# Optimizing Insurance Prices

Optimization of premiums is critical for insurance companies to balance profitability with market growth. These companies have to charge a high enough premium to cover claims costs while not too severely limiting customer retention rate.

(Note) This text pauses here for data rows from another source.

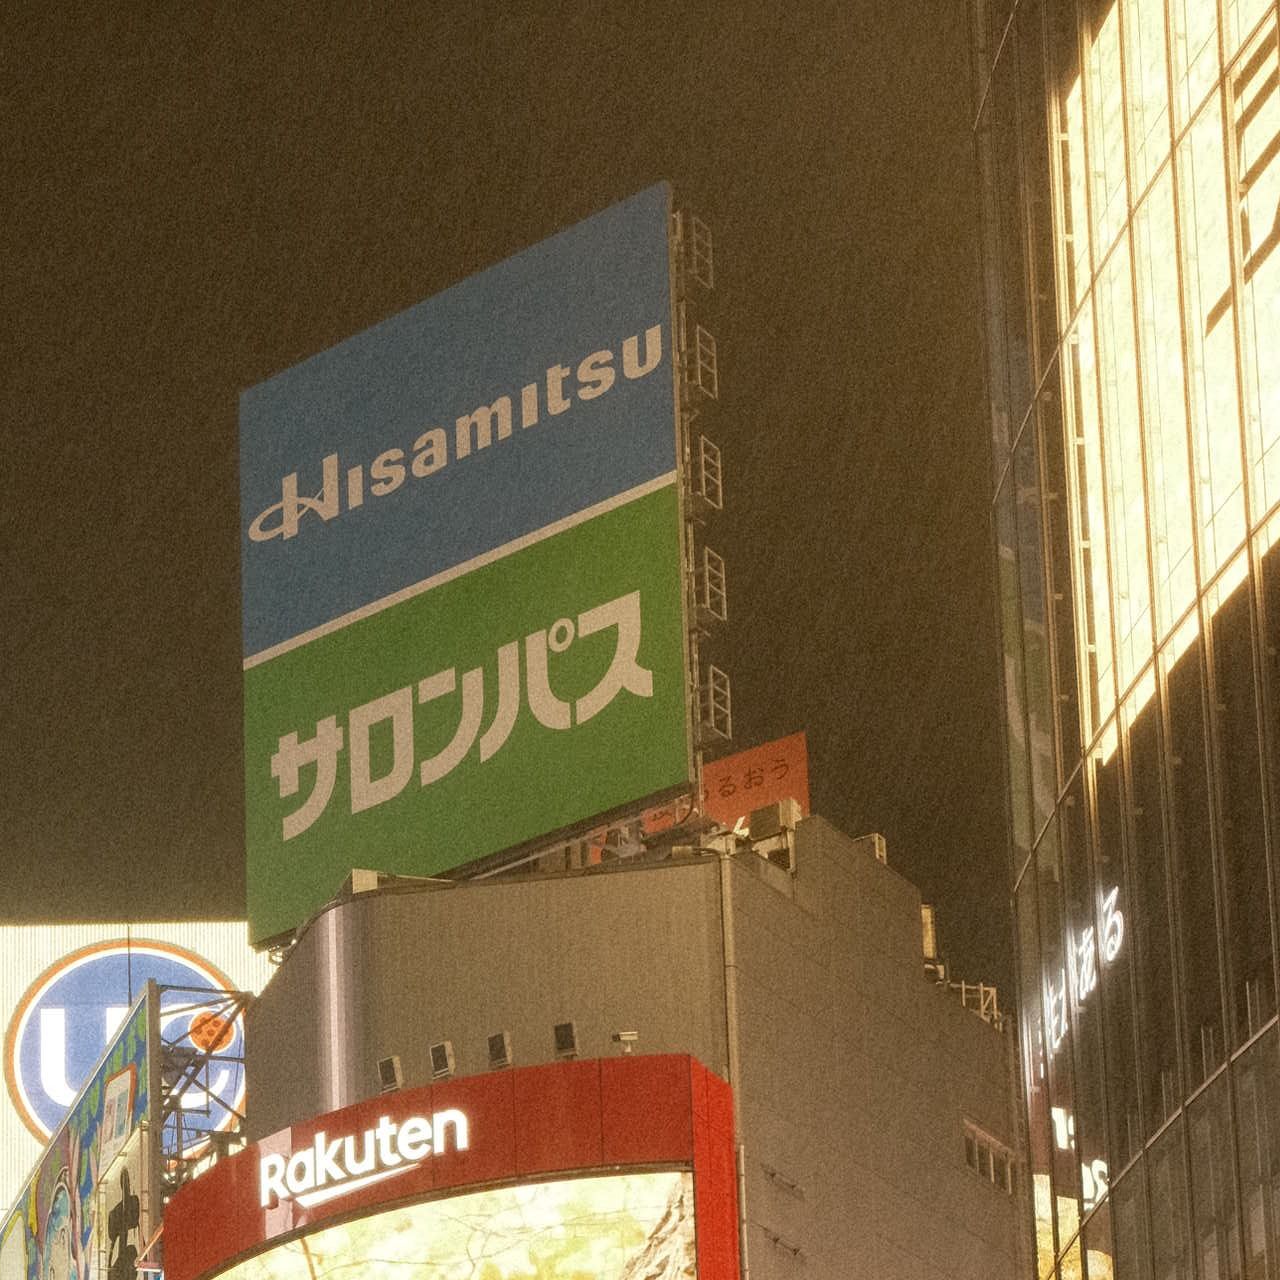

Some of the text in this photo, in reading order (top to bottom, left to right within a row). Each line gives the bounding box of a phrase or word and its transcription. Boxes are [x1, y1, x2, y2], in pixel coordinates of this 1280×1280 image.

[248, 324, 663, 544] Hisamitsu
[271, 590, 654, 842] サロンパス
[260, 1108, 468, 1208] Rakuten
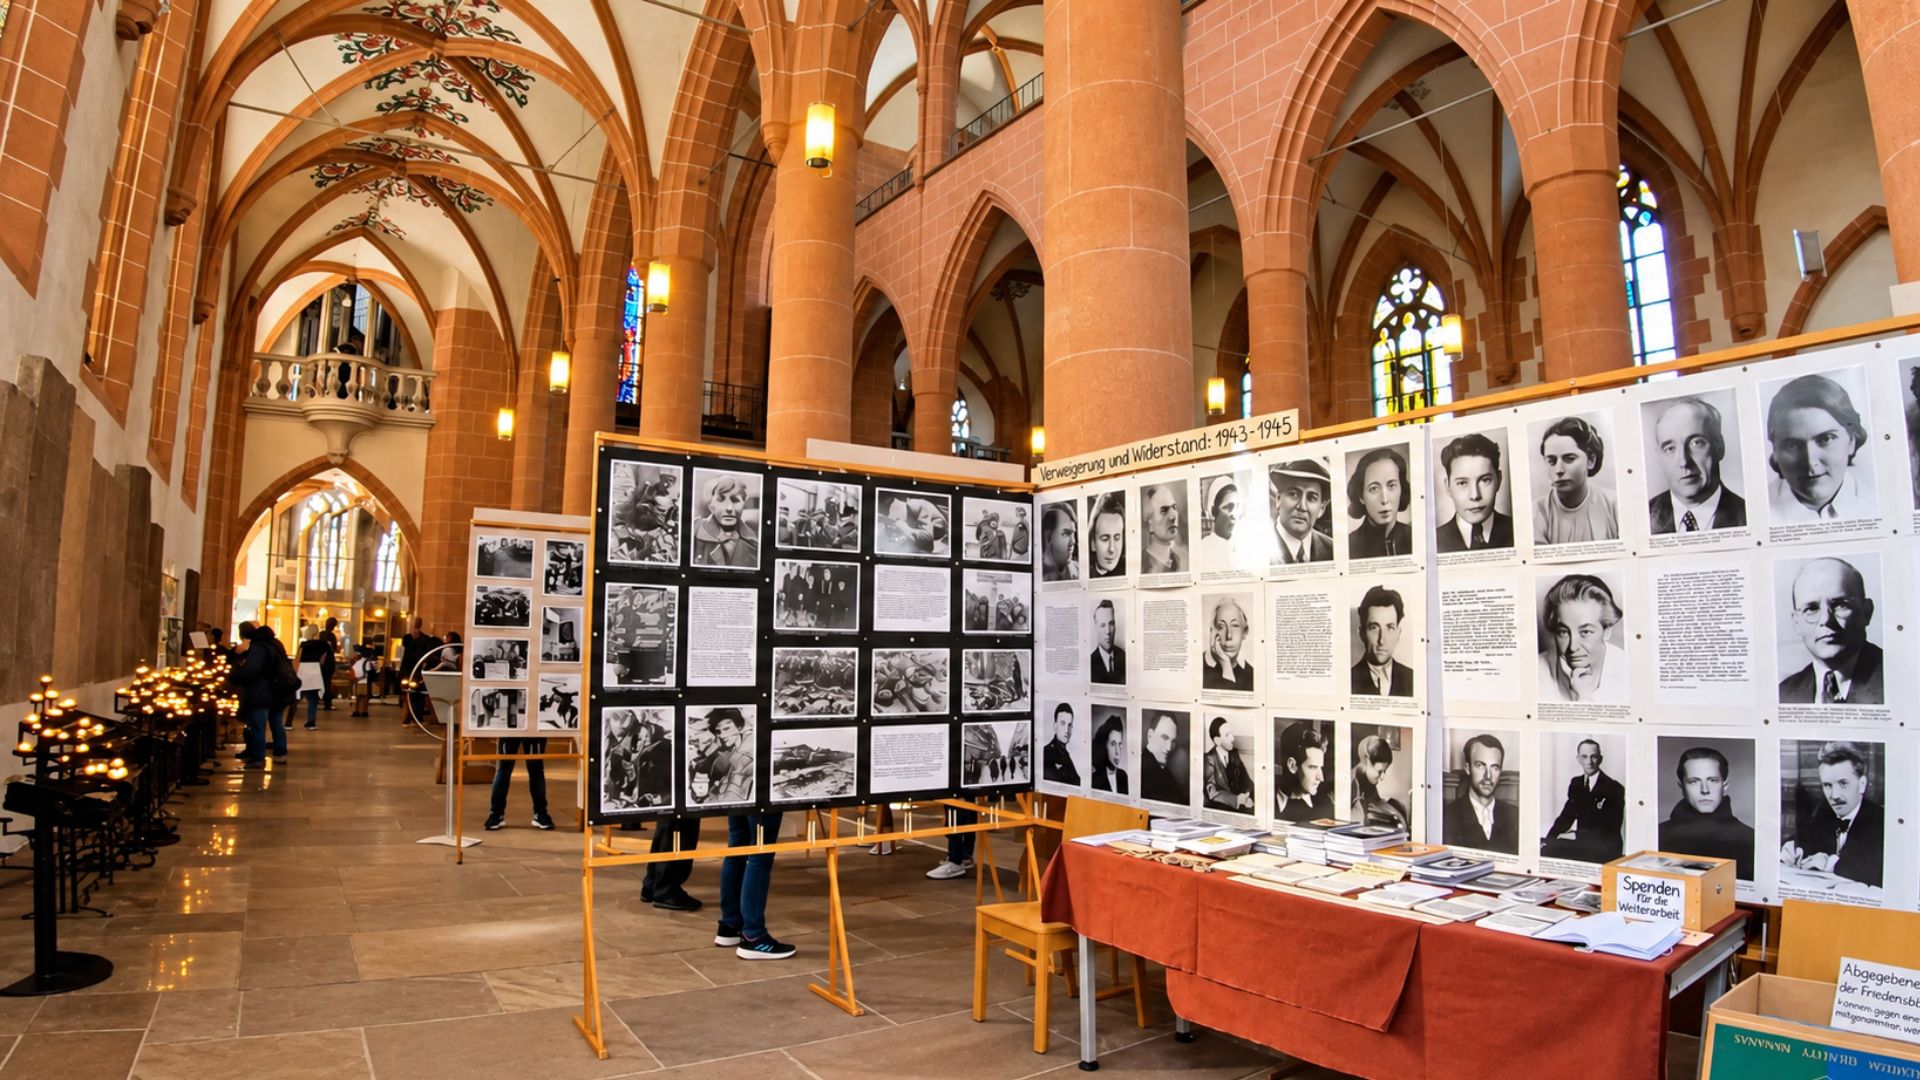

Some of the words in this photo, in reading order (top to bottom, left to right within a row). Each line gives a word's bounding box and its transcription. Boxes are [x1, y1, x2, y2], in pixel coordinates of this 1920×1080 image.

[1040, 458, 1106, 481] Verweigerung
[1109, 448, 1130, 468] und
[1132, 432, 1212, 463] Widerstand:
[1623, 875, 1680, 898] Spenden
[1654, 895, 1669, 907] die
[1842, 962, 1920, 990] Abgegebene
[1839, 982, 1858, 994] der

Suppose we are an insurance company, and we can divide our customer base into $N$ clusters. We have $r$ "termination rates" $\alpha_j$, each of which represents a percentage of people in the cluster that will terminate their policy when charged a given premium. For each cluster $i$, we have the number of policies in the cluster $P_i$ and the average claim cost for the cluster $C_i$. For each cluster $i$  and each termination rate $\alpha_j$, we have a premium $\rho_{ij}$ that we can charge that cluster to achieve that termination rate. We also have an overall target termination rate $\alpha_t$ that we do not wish to exceed to maintain market growth.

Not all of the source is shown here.